Mr. Assistant-Attorney-General Smith, for the United States.
Mr. S. W. Johnston, contra.
MR. JUSTICE MILLER delivered the opinion of the court.
McKee had two separate written contracts with the quartermaster's department for the delivery of hay during the summer of 1864. The delivery in the one contract to be at Fort Gibson, of a part of the hay, and of another part at, or within seven miles of, that fort, and in the other, at Cabin Creek and Hudson's Crossing of the Neosho River. The locality was the Indian country, south of Kansas and west of Arkansas, which was the theatre of hostilities. Each contract contained the following provision, which is the foundation of plaintiff's claim against the United States now under consideration:——
'It is expressly understood by the contracting parties hereto, that sufficient guards and escorts shall be furnished by the government to protect the contractor while engaged in the fulfilment of this contract.'
A large part of the contract was fulfilled by delivery of the hay, and for that McKee was paid. A considerable amount of hay, cut and not delivered, was destroyed by the enemy, and for that he was paid. He lost in wagons, horses, and other personal property, by the attacks of the enemy, over $15,000, and for that he was paid.
In addition to this he claims now, and was allowed by the Court of Claims, as profits on the contract for hay never delivered or even cut, $29,559. From this judgment the United States appeals.
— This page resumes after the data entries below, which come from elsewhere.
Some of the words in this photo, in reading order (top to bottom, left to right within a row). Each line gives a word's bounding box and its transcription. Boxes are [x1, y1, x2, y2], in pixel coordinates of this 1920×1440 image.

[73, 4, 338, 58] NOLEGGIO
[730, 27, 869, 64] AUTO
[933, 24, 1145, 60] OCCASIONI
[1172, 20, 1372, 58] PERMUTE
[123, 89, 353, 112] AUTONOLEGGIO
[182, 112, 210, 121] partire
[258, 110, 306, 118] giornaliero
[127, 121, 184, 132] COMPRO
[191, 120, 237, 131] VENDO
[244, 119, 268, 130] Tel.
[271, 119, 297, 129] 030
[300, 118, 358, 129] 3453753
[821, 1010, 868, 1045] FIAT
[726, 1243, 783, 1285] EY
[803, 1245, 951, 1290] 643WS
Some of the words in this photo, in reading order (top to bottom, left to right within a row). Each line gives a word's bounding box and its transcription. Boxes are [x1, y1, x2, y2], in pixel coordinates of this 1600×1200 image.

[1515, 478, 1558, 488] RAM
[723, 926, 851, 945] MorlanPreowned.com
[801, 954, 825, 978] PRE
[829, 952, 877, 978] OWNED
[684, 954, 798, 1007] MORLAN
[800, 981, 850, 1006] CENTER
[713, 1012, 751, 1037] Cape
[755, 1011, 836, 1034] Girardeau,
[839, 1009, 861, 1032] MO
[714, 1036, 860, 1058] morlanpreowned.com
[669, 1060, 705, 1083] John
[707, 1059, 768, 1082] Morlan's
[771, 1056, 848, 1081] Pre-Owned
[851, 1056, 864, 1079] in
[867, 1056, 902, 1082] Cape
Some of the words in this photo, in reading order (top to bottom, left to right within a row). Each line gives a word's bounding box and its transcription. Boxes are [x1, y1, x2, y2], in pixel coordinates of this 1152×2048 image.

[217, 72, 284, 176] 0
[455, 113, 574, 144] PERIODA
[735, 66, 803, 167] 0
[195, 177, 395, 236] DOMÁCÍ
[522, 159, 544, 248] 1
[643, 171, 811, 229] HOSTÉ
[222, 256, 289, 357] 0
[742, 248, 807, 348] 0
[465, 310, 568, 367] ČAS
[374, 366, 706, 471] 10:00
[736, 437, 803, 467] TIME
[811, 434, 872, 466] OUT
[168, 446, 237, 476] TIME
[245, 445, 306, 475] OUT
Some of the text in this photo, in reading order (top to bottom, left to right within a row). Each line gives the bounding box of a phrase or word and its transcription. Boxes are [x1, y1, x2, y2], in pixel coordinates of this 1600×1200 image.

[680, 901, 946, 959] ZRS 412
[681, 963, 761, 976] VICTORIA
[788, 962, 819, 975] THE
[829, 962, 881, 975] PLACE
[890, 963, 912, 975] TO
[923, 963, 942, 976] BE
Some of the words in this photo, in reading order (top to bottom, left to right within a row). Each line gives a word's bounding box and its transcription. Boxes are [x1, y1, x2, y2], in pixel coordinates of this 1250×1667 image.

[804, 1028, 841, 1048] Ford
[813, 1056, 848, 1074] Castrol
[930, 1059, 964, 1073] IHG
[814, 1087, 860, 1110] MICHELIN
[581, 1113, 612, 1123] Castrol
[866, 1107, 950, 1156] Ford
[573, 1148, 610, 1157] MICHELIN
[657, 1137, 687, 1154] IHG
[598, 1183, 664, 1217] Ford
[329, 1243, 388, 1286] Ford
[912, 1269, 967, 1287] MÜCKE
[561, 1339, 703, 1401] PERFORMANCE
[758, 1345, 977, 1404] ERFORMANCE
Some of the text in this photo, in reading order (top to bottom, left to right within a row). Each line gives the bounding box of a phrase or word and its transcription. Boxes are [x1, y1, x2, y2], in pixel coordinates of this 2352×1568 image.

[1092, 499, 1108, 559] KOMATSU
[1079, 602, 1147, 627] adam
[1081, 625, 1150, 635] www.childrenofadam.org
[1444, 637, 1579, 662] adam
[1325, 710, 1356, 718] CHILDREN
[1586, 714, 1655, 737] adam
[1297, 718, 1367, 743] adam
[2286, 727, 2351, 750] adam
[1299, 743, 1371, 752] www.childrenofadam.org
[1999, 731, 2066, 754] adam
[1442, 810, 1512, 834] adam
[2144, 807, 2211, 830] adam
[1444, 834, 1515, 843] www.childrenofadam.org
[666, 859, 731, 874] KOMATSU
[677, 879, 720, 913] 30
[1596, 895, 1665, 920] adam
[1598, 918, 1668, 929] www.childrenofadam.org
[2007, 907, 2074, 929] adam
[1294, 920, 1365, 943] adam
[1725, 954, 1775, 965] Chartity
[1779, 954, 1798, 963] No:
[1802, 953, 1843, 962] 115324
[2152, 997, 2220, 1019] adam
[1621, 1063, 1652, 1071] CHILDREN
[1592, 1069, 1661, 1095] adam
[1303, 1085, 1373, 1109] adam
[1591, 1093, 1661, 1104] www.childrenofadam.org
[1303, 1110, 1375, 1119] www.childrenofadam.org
The United States made in the court below a claim of set-off for $34,713 wrongfully paid to McKee for his hay destroyed and abandoned before delivery, and for his property lost and destroyed while used in the operation of making and delivering the hay. Of this the Court of Claims allowed the sum of $12,600, and from this part of the judgment McKee appeals.
The opinion of the majority of the Court of Claims, which we find in the record, goes upon the ground that the soil upon which the hay was to be cut was the property of the United States, and that the contract was in legal effect, on the part of McKee, to do for a specified compensation the work which was necessary to convert the grass of the United States into hay, and for its delivery as required. That this compensation was not for the purchase of the hay from McKee, but for his labor and services expended on the property of the United States. The deduction is made from this proposition, that inasmuch as he was ready and willing at all proper times to render these services and perform the labor, and was prevented by the failure of the United States to give him the necessary protection, he is entitled to recover all that he would have made out of the contract if he had fully performed it.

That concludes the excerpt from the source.